Wednesday, 8 June 2016

Lost in translation.

The bank holiday, and our French friend comes to stay. Remember him? He of the woolly jumpers dyed in socialism?

“Will you be in later?” I ask Middle One, “because Pierre-Marie is coming to stay.”

That’s his name: Pierre-Marie. He was once married to Marie-Pierre. I kid you not. She was much younger than him. Actually she had been one of his pupils at school. Honest to God. They had a very tempestuous marriage. If you got caught in the verbal crossfire, which we sometimes did, it was awkward. He's not married to her anymore. He's married to someone else.

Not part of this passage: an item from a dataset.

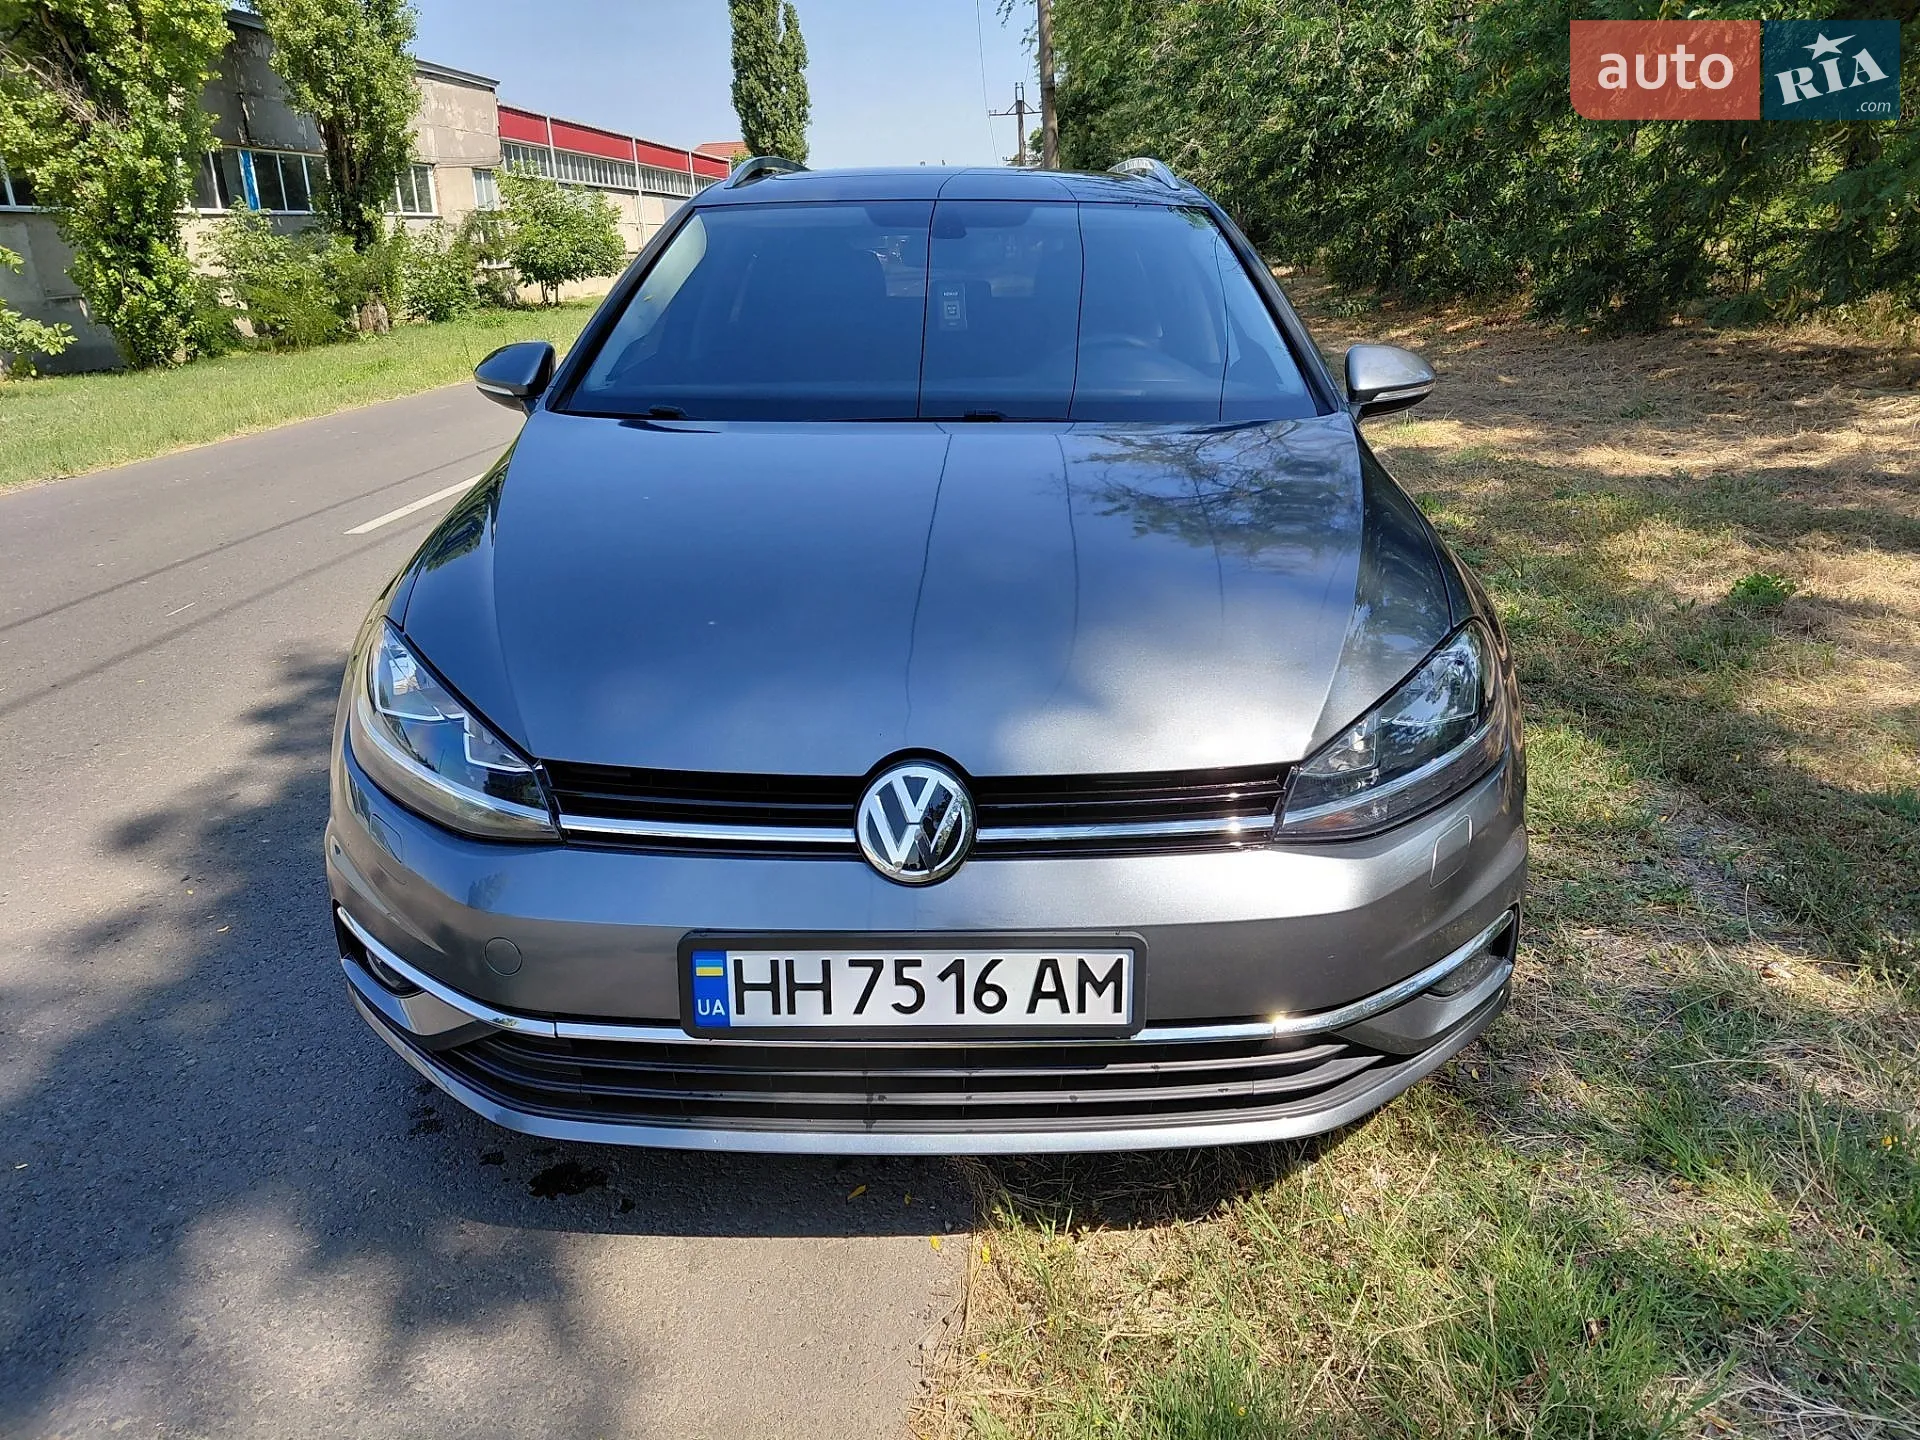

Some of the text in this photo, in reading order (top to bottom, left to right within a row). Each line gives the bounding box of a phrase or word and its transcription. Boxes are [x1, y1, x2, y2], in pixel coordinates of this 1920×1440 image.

[865, 772, 964, 876] VW
[697, 999, 726, 1016] UA
[732, 957, 1124, 1016] HH 7516 AM

“I like Pierre-Marie,” says Middle One.

“I know,” I say. “Moi aussi. Be here for dinner then, à sept heures."

On the way to the house Pierre-Marie calls in for a drink at the pub opposite the tube, with Husband. It’s a pub that for years we dared not frequent for fear of being caught in actual crossfire. Now it’s all leather sofas, mismatched lamp shades, and micro-brewed IPA. 

Dishing out presents and compliments left right and centre - but mostly left - he then arrives at the house like a whirlwind, bringing me a framed photograph of his home town, which is lovely. Actually it’s really lovely…

"I can see you are a victim of gentrification,” he says, giving me a French kiss, (that is, one on either cheek, then all over again). 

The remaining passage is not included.